A well-written paragraph is said to exhibit cohesion. One sentence has to do with the next, and a collection of such closely related sentences creates a paragraph, one scene or set piece among others which together comprise a document. To cohere means to stick together, and when one sentence adheres to another, our reader sees one idea more richly, more concentratedly, thereby meeting the central requirement of a paragraph: unity.
So how do we write cohesively? That is a technical question and it has a technical, a formal, answer. Let’s begin by looking at a beautifully drawn illustration of cohesion in these two sentences from Carson McCullers’s short story “The Jockey” (quoted here from 50 Great Short Stories, edited by Milton Crane, Bantam, 2005, p.70). These two sentences conclude the first paragraph of the story. A jockey has entered the dining room of a hotel, and is scanning the room “until at last his eyes reached a table in a corner diagonally across from him, at which three men were sitting”:
As he watched, the jockey raised his chin and tilted his head back to one side, his dwarfed body grew rigid, and his hands stiffened so that the fingers curled inward like gray claws. Tense against the wall of the dining room, he watched and waited in this way.
Things are on a slant in this little scene (diagonally and tilted and to one side), and a slant is not normally conducive to the feeling of comfortable order. The first sentence is complicated and involved: grammatically, it is a complex sentence that begins with a subordinate clause, continues with no fewer than four independent clauses, and concludes with another subordinate clause—six clauses in all, designed as what is called a centered sentence, one in which the main elements sit framed by subordinate ones. Such a formidable presentation has the effect of building and piling and mounding a wall of tension that will have to, we suspect, break and give way at some point in the story. It is a grand sentence, and it ends with the foreboding images of curled fingers and curled claws. It ends, that is to say, with threat and tension.

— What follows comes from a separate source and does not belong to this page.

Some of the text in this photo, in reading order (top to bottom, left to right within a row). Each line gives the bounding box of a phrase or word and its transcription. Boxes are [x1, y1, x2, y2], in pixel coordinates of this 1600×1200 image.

And then how does the immediately next sentence begin? With the very word tense. This adjective begins an introductory phrase that will ultimately modify the subject, he, as we read along, but as we begin the sentence, we really don’t know who or what is tense, and that second of uncertainty only heightens the tension we’ve found ourselves in after reading the first elaborate sentence. Sentences like this second one which begin with a subordinate element in order to delay the main clause and satisfy the thought are called periodic, the word period meaning a circuit or winding path—the long way home to the complete assertion of the main clause. Periodic sentences are also called suspended sentences, because holding back the main thought (he waited and watched) is felt to create suspense.

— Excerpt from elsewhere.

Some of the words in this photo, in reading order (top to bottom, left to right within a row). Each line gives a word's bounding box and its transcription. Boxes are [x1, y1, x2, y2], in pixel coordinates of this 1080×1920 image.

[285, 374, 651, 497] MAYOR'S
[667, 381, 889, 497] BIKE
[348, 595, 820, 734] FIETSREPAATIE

A periodic sentence stands in contrast to what is called a loose sentence, its inverse. A loose sentence presents the independent clause, the main thought, first, and then lets follow in its train any subordinate elements. Had McCullers composed her second sentence in a loose design (He watched and waited in this way, tense against the wall of the dining room), she would have missed an opportunity to tie so tightly together—to cohere—the idea of tension between the two sentences. Instead, she has left no gap between the images of tension in the first sentence and the continuation of the emotion in the second sentence: she begins the second with a subordinate element in order to name the emotional quality depicted in the first, and that periodic design bridges the two closely and firmly.
Cohesion is an important quality of a paragraph because words and their arrangement carry the risk of deflecting the reader’s attention off onto tangents and angles of only distantly associated ideas. To say the obvious, our mental activity—what the philosophers call mentation—is a powerful force of, it seems, a never-ending energy. The good writer channels that activity with sentences that are connected by their respective design. That creates cohesion, and cohesion unity, and unity vision.